Most plants, like most creatures of any kind, are killed by too much salt; but mangroves spend much of their time with their roots in pure seawater. This is sometimes diluted by rain, but at other times it evaporates to become as saturated with salt as water can be, until the salt begins to crystallize out; and for good measure, much of the tree roots are intermittently exposed as the tides rise and fall. In addition, the mud in which the trees are rooted is often shallow and is invariably starved of oxygen except for the top few millimeters—yet roots need oxygen. In temperate latitudes, willows, poplars, and alders are among the trees that cope with waterlogged soils that may similarly be deprived of oxygen—but at least in their cases the water is fresh. Salt water raises a whole new raft of problems.

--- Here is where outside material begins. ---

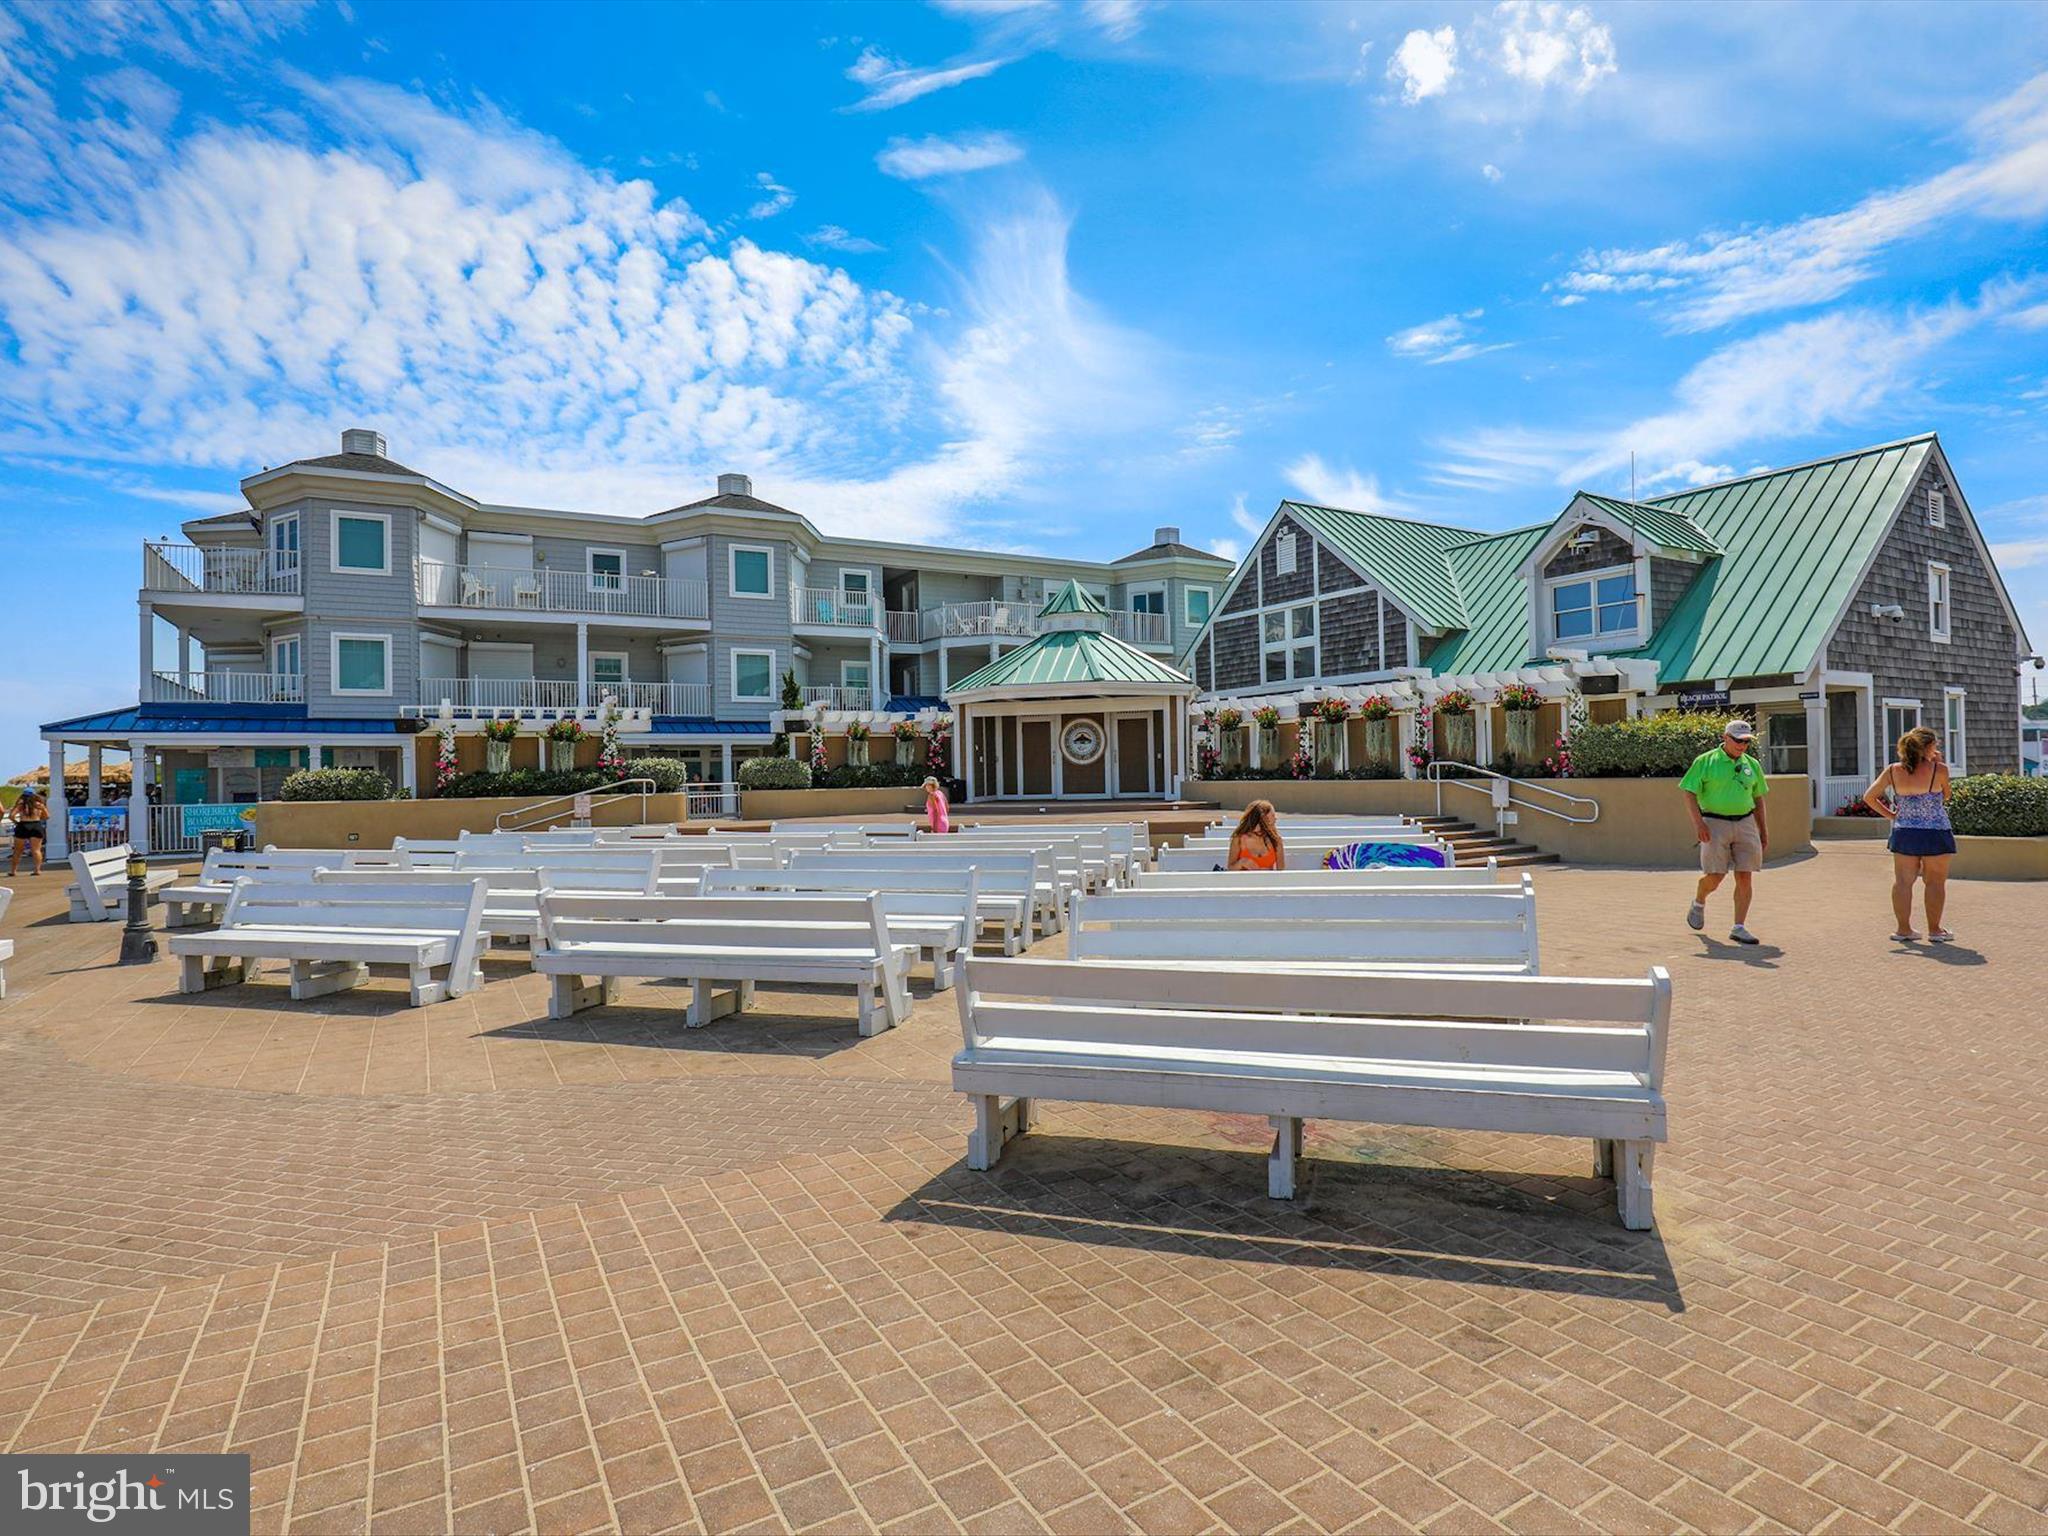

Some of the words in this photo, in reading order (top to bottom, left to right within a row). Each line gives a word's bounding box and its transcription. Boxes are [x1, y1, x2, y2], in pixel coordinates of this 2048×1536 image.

To be sure, tropical seashores are in many ways favorable for growth (nutrients, water, sunshine), but conditions overall are as tricky in their way as in any desert, or on any frozen tundra. So you might expect that only a very few, extremely specialist plants could live there. Yet mangrove forests worldwide contain many species of trees and shrubs, and there is a core group of thirty or forty that occur in most of them, and these come from several plant families. The core group includes various “white mangroves” from the Combretaceae family; the red mangrove,
Rhizophora,
and others from the Rhizophoraceae family;
Xylocarpus
from the mahogany family, the Meliaceae;
Avicennia
from the somewhat recondite Avicenniaceae family in the order Lamiales (the order of teak and mint); and palms of the genus
Nypa.
Independently of one another, the different tree families of the mangroves have evolved a series of physiological tricks to cope with the otherwise disastrous conditions in which they find themselves. Thus, the tissues that form a sheath around the xylem of the roots provide “ultrafiltration,” preventing the salt from entering the conducting vessels and thus polluting the rest of the plant. All mangrove species can do this, but some are particularly good at it, including the red mangrove. Some that are less efficient at filtering out the salt, like
Avicennia,
do absorb at least some salt; but then they excrete it actively (by processes that use energy) from special glands in their leaves, where it may dry in the sun to form palpable crystals. Many seabirds do the same thing through their beaks.